Here are my groceries the day.  The food prices here are very inexpensive by our standards, but keep in mind salaries are low by about the same margins.  What you see here – two 2-liter containers of very good fruit juice, two mid-sized containers of yogurt, a 1,4 liter bottle of “bitter-lemon” soda (very good), some high-quality cooking oil and a four-pack of beer (piwo), plus the bag (you pay for that) – cost me 31,22 złoty [yes, Poles use commas instead of decimal points].  That amounts to $8.34 American (the 4-pack of beer is $2, and this is better than most-any beer in Caribou that you can buy in a can).

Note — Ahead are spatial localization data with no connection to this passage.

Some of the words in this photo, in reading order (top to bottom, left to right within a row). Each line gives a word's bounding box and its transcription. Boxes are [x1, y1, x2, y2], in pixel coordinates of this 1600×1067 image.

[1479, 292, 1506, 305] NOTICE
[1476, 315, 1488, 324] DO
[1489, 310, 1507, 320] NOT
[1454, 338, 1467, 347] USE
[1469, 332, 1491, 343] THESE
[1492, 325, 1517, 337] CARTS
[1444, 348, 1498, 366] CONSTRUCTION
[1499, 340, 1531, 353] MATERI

Photo 6a:  the Rotary Club

My first week in Poland is a lot about renewing acquaintances.  On Wednesday I had dinner with the UniversityChinese Club – I was not yet in the habit of taking pictures.  On Thursday, dinner at a local small (and locally historic) music hall with the Szczecin International Rotary Club.  Some good conversation.  The past president tells me about the Planet Head Day plans for the Interact Club…

Photo 6b: Rotary meal

My dinner at the Rotary meeting is a salad with some fried chicken (kurczak), some good bread … and very good Polish dark beer (served in a Guinness glass).

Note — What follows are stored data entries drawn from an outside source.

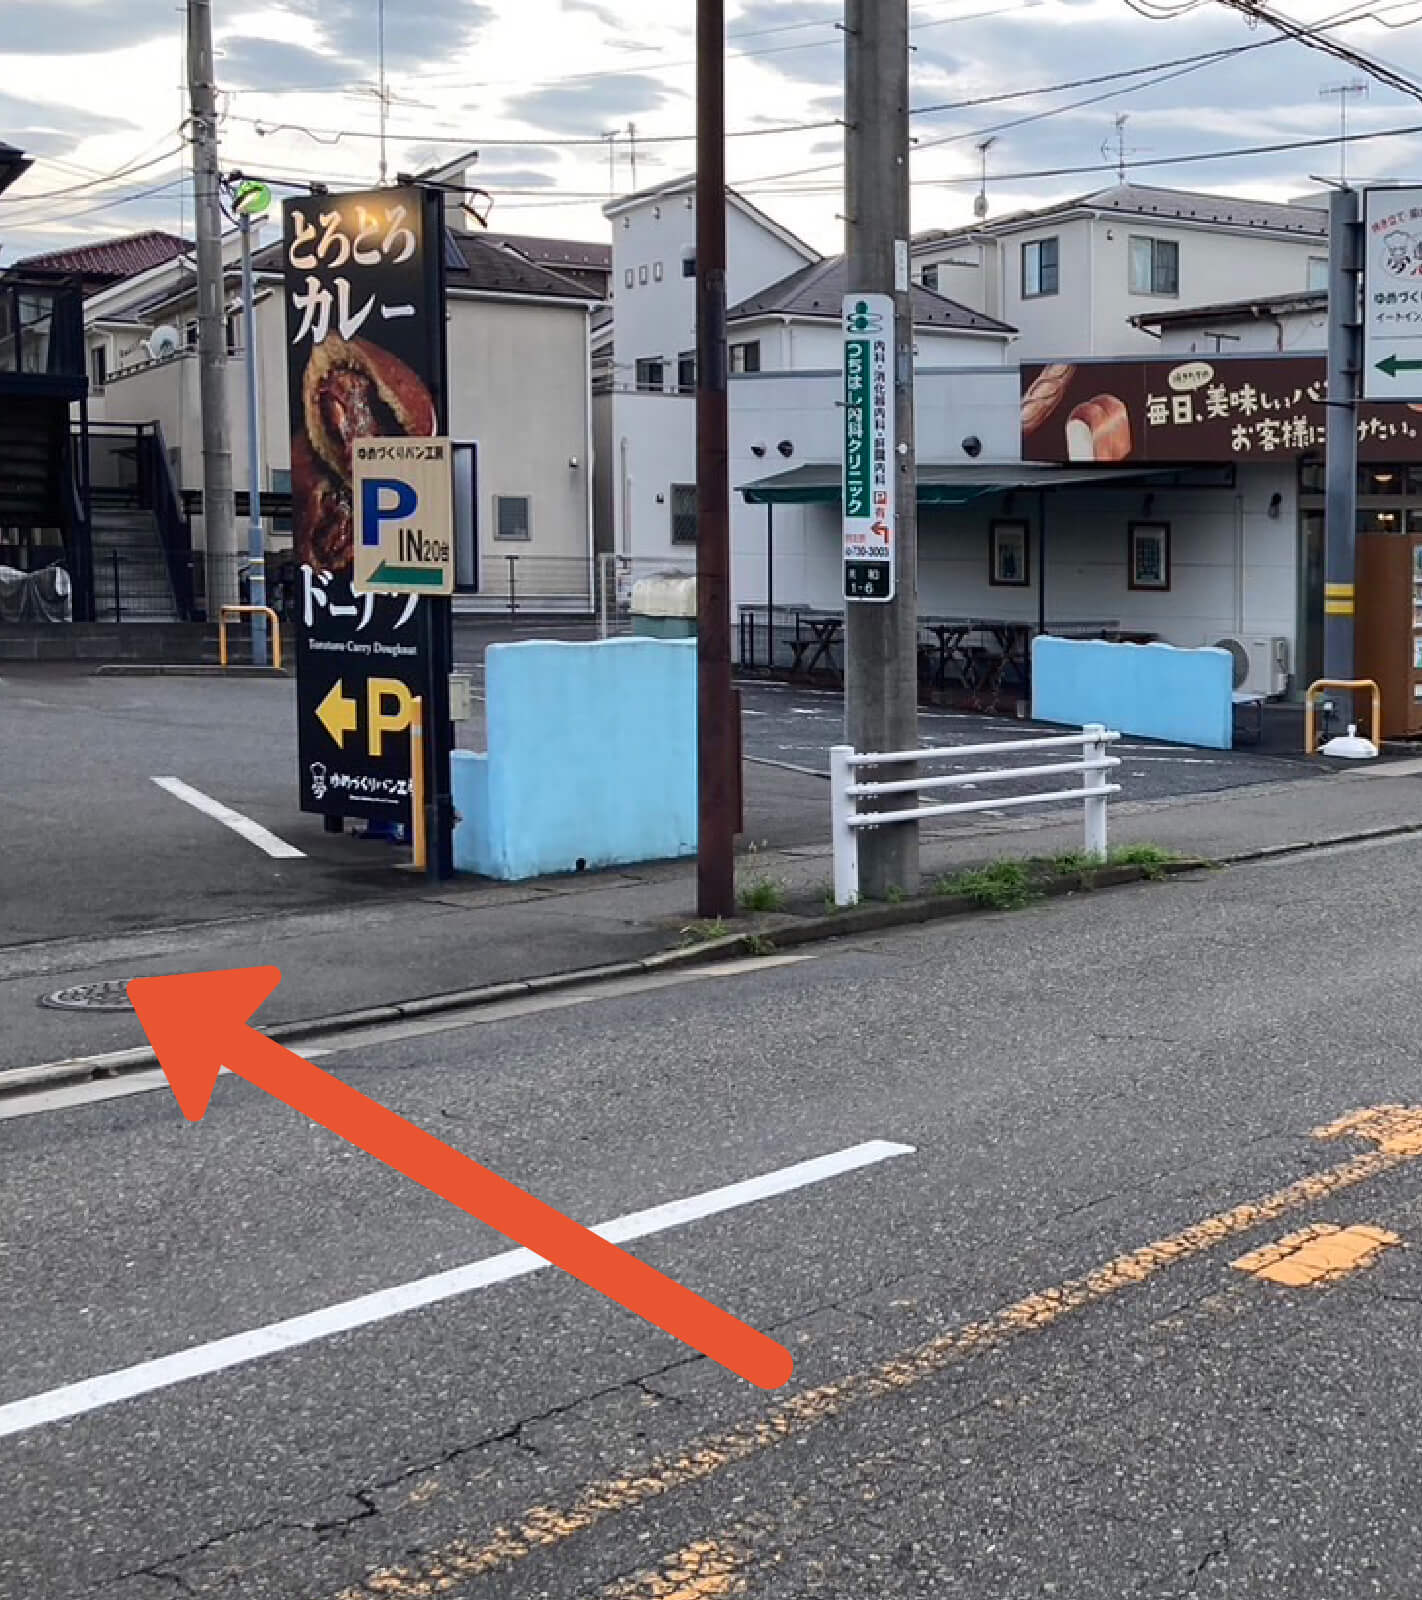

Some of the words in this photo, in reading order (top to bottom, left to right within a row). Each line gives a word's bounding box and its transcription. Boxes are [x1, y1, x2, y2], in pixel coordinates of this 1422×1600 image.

[289, 204, 417, 270] とろとろ
[292, 275, 417, 345] カレー
[1146, 379, 1331, 425] 毎日、美味しいパ
[357, 446, 443, 460] ゆめづくりパン工房
[1230, 415, 1417, 452] お客様にけたい。
[361, 478, 418, 546] P
[399, 527, 423, 562] IN
[366, 677, 414, 757] P

Photo 7: Dinner at Cutty Sark Pub

This is dinner on Friday at the Cutty Sark Pub with Cüneyt, a colleague from Turkey.  We talk a lot about the international activities at our Oceanography program at Szczecin.  (I have recently published a paper with another Turkish colleague).  Cüneyt is leaving in two days for a stay at another program in southeastern Poland – the total opposite end of the country from Szczecin.  He works to talk me into doing a talk at a phytoplankton conference there in May.

Photo 8a,b:  Farmers Market

This is my first Saturday morning in Szczecin, so I revert to my old habit of buying eggs (jajka, in cartons of ten) from a guy who comes from a nearby village to sell at the farmers market.  I also buy pears (gruszki) and a coat, as I only came with a light jacket.

Photo 9:  Dinner with friends

On Saturday (sabota) evening I have dinner with old neighbors and good friends Angieszka Babska and Krystoff Babski (the end of the last name changes with gender) and their twin children Maja (left) and Jeremy (next to the right).  They are 15 years old, and getting ready for high school, which in Poland is three years.  Maya plans to study law and Jeremy chemical engineering; he has already had three years of chemistry (in middle school!).  Krystoff does not come for dinner, but we all get together with another neighbor after dinner.

 

Children’s Cancer Hospital

Amidst the conference, I am asked to visit a local children’s cancer hospital.  This is in my apparent role as a “face” for the developing Planet Head Day in Poland.  I am no particular fan of hospitals but this one is very nice, with lots of children-painted or themed artwork.  I had the opportunity here to interact with Polish leukemia patients, who appreciate pictures of me with a shaved head.

Friends at Cutty Sark

Part of this visit is to go to the International Phycological Congress.  This brings together about 500 scientists and sci-students from around the world, including a fair number that have been students of mine at the siliceousl organism short course that I teach here every two years.  So we have all come together for some pevo at the Cutty Sark – a favorite watering hole near the department.  There must be friends from nearly ten countries sitting around the tables here.

Cemetery

Have visited my old neighbors, and that means another visit to the cemetery.  Poles LOVE cemeteries, and they are pretty sites to visit, since there are flowers everywhere.  No grave – except the German – goes unadorned.  I think these cemeteries tie the Poles to their personal and collective histories.  The first two pictures here show Polish graves from the Battle of Szczecin, along with the monument that celebrates the liberation (well, sort of, this was then a German city being taken over by the Russians and Poles; note the date (April 26th) – this battle was being fought concurrently with the Battle of Berlin.  A great many people dies so that Hitler could have a few more days of life.

The third pictures is a monument dedicated to the Poles who died in concentration camps – gulags – in Russia.  This picture is of part of that monument, off to the right is a long, long list of such camps.